Nesse intervalo, o indicador dos negros melhorou 1,9 anos e o dos brancos cresceu 1,6 anos. Ou seja, uma desigualdade que se mantinha na casa dos dois anos de escolaridade obedeceu a uma pequena redução de 0,3 anos. Ou seja, ao projetar esses dados em termos de média geométrica de um ou de outro, para um empatar com o outro, demoraria 17 anos. Se consideramos que o nível fundamental é de oito anos — embora o ensino fundamental com nove anos esteja plenamente implementado somente em 2010 —, ainda teríamos duas gerações aonde haveria a persistência de desigualdade.

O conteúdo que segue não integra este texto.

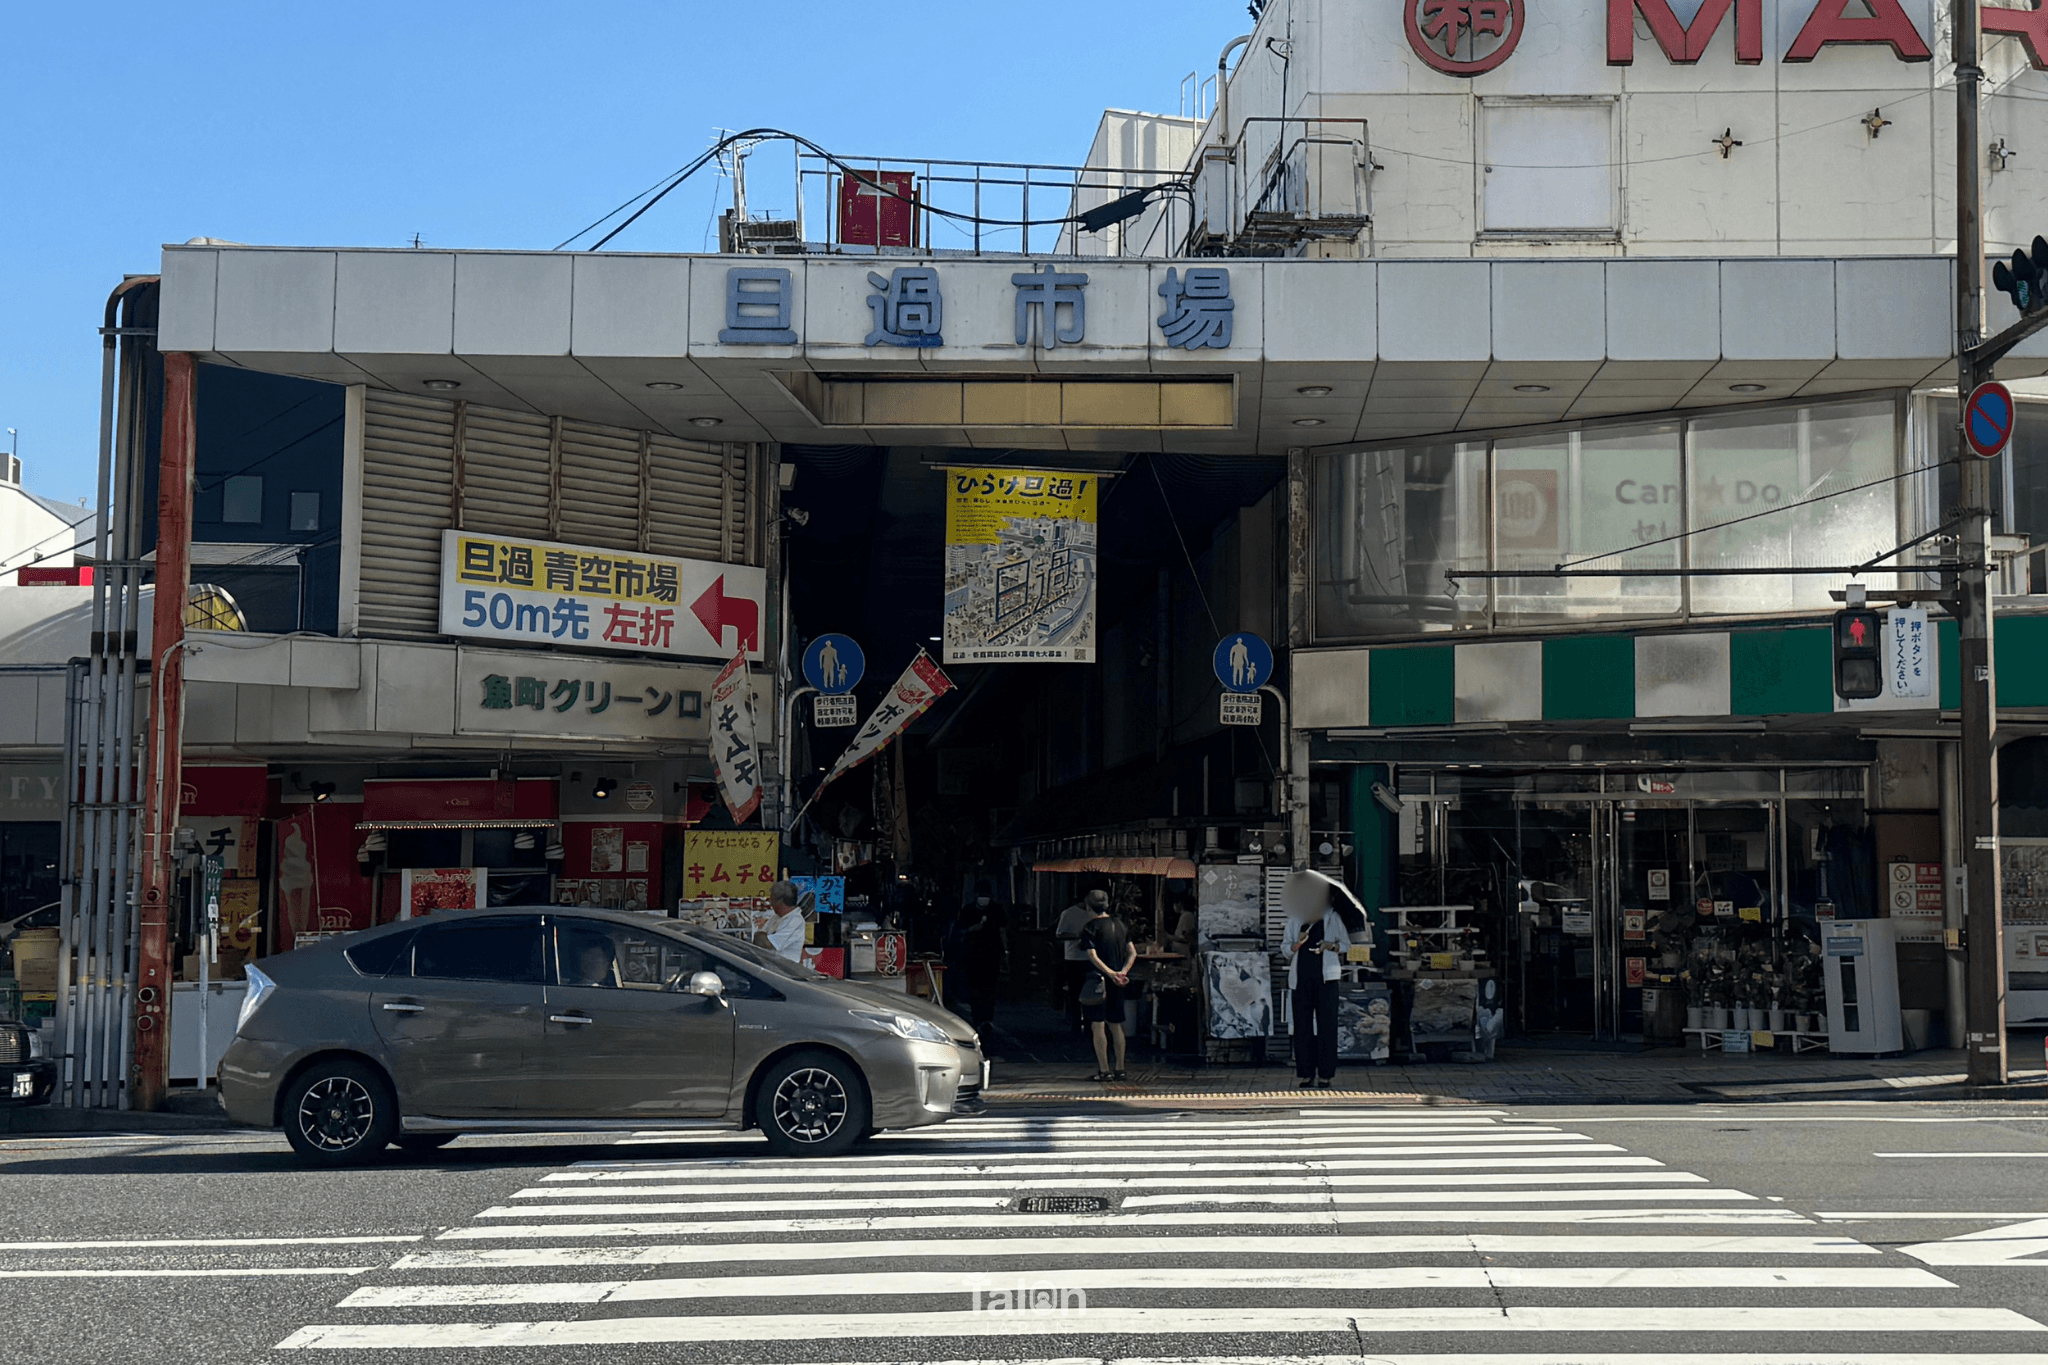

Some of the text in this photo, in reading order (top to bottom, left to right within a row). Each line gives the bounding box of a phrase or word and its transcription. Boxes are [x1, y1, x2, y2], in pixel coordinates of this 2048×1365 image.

Não há nenhuma garantia de que, daqui para frente, os níveis de escolarização dos negros continuarão crescendo. Pode haver uma queda. Por isso, esse estudo aponta apenas o tamanho de um "gap". Esse estudo é muito mais um sinalizador de assimetrias do que um exercício de futurologia. Por outro lado, o estudo revela que já houve uma melhora de ambos os lados e que o "gap" entre os dois grupos encolheu. Mas esses dados ainda não são robustos para que se possa dizer que essas desigualdades estão sendo anuladas, com exceção de um ou outro indicador.

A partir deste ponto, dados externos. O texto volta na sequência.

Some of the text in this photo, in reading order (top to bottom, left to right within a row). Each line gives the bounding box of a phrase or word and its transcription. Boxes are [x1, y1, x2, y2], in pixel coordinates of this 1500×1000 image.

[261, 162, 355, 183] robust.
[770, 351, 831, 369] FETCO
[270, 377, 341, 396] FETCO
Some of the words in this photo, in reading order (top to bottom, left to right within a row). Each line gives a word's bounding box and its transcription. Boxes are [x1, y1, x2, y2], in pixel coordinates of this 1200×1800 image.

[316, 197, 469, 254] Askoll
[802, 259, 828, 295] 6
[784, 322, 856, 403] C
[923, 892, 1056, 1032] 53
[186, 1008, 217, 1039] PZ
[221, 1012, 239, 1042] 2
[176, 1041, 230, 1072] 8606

Quais são as principais diferenças entre o nível de escolarização de brancos e negros no Brasil?
Hoje, praticamente 98,8% da população de brancos e 97,7% de negros entre sete e 14 anos de idade — a população em idade escolar para freqüentar o ensino fundamental — já está na escola. É uma diferença de 1,1%.

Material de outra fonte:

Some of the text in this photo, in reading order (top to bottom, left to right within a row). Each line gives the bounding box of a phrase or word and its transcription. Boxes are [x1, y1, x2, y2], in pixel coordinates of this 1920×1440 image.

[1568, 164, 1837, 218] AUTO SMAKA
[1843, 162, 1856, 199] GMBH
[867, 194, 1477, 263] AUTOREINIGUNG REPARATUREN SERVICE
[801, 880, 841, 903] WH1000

Então, somente com a universalização do acesso ao ensino fundamental, ocorrido na segunda metade da década de 90, é que houve uma aproximação efetiva entre o nível de escolaridade dos dois grupos?
Exatamente. Mas quando se fala em taxa de cobertura do sistema de ensino, não importa se o garoto de 14 anos está na primeira série do ensino fundamental: ele está na escola. Esse dado revela se as crianças estão freqüentando a escola, mas oculta da taxa de repetência, a defasagem, o abandono. Como esse tema é muito caro ao Brasil e às agências internacionais, existem vários indicadores que calculam o acesso ao ensino. Existe um que é muito conhecido entre os especialistas, que é a taxa bruta de escolaridade. A taxa bruta de escolaridade é quando se pega a população que está freqüentando a escola e se divide pela população que tem a idade compatível para freqüentar um determinado nível de ensino. A idade correta para o ensino fundamental é de sete a 14 anos (daqui a pouco tempo será de seis a 14 anos); a do ensino médio é de 15 a 17 anos; e a do ensino superior é de 18 a 24 anos.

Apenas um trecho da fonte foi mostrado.